Fifty of those birds were released as the ship came into port. The rest were housed in a tower of the chapel at the Greenwood Cemetery. When those birds were seen to be doing poorly midwinter, they were brought into someone’s house until spring, then released in the cemetery with a man hired to watch over them. Those birds thrived and multiplied.
In the coming years other batches were released in Boston, Quebec, Galveston, Cleveland, Cincinnati, Salt Lake City and San Francisco, as well as less populated places, like Portland, Maine and Peace Dale, Rhode Island. They were generally released in flocks of 20 to 200 birds, though in many cases the exact number wasn’t recorded. The peak was in 1867, when 1,000 house sparrows were released in Philadelphia.
There are also records of smaller groups being released in places such as Alabama, Wisconsin and Georgia, though it is unclear if those birds were imported directly from Europe, or if they were captured in American cities where they were thriving, and redistributed.

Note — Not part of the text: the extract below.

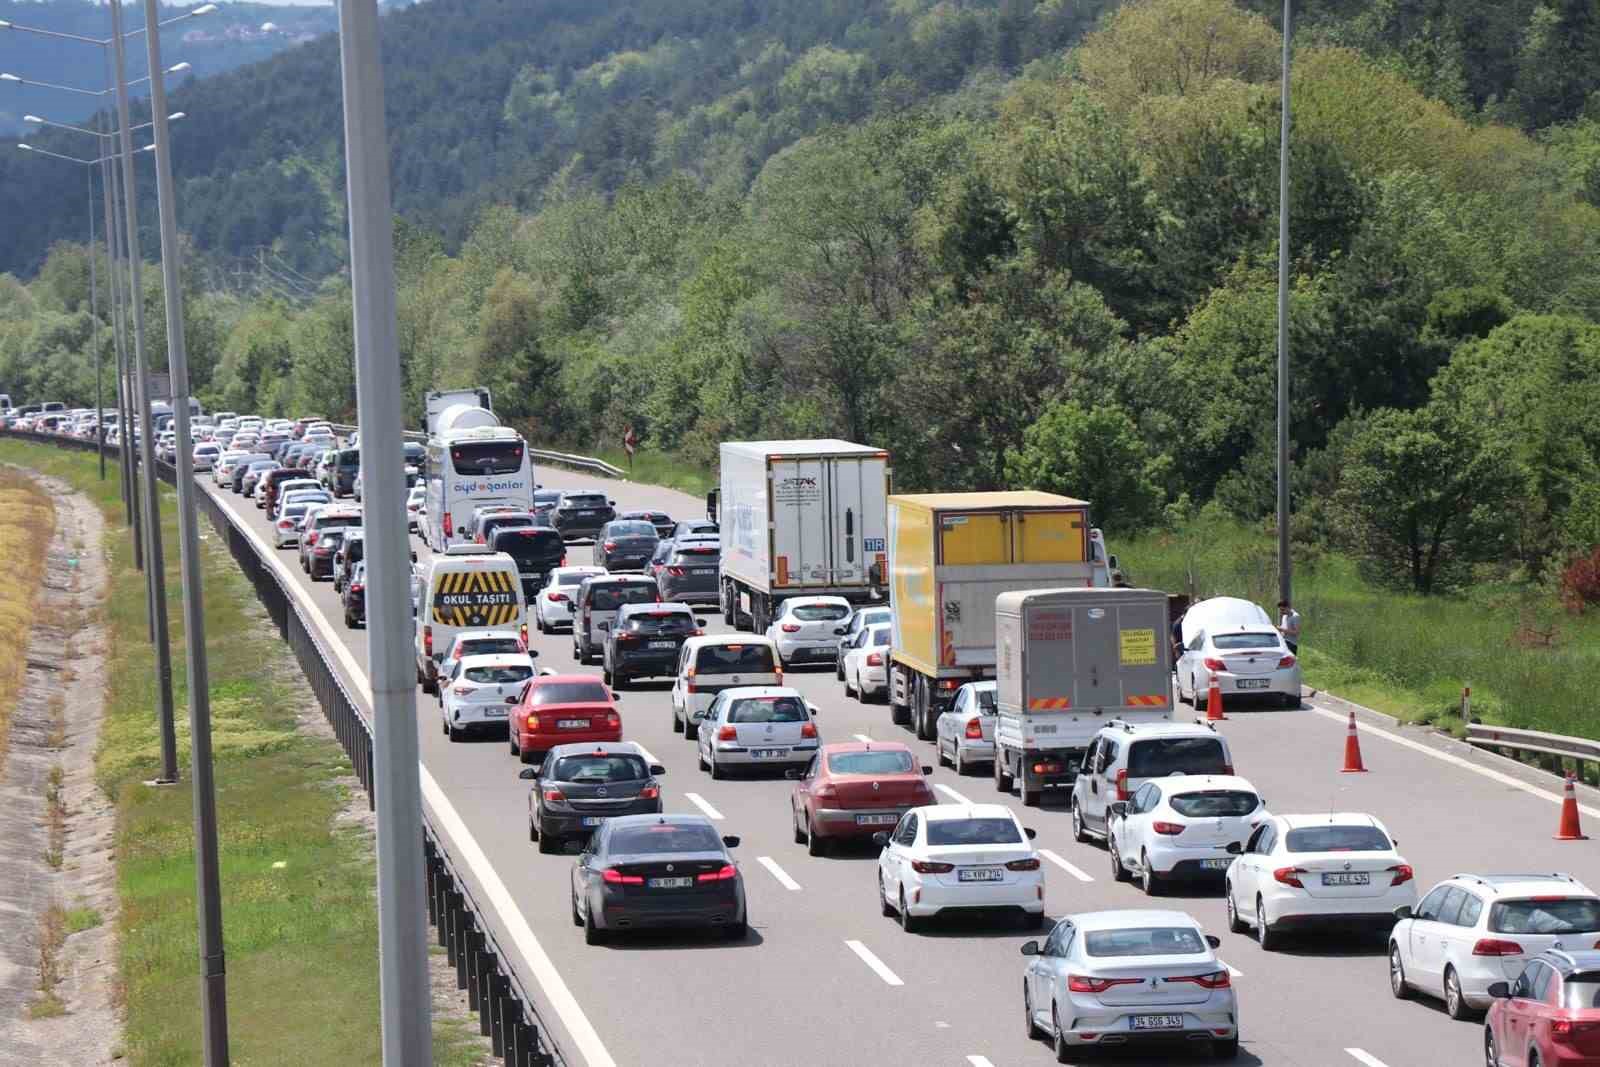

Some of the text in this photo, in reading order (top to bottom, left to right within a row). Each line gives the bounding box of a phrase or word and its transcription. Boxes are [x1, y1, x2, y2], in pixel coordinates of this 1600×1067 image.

[865, 539, 884, 551] TIR
[443, 593, 510, 605] OKUL TAŞITI

What is sure is that the Europeans brought them in, though the rationalizations I’ve read for doing so all seem somewhat vague. It’s believed that part of the idea was that house sparrows eat insects, and thus were a sanitizing force. It’s also thought they were a balm for homesickness, a familiar creature for immigrants from France, Germany and England in an unfamiliar land. No doubt it also had something to do with the belief that things from Europe were somehow better.
By the early 20th century, they were considered an agricultural pest and great efforts were made to eradicate them, but obviously failed. They were also thought to be crowding out native species.
The thinking on that has shifted in recent years. Or at least agricultural techniques have changed enough that house sparrows are no longer considered the pests they once were.
And the notion of them crowding out native species has gotten a little more nuanced. Like rock pigeons and free roaming chickens, they don’t thrive in wild habitats, but rather in habitats greatly altered by humans. They don’t drive out the other species, they just occupy habitats that are no longer suitable to the native species.
So yeah, I was happy to see them doing so well at the Walgreens the other day. Sort of.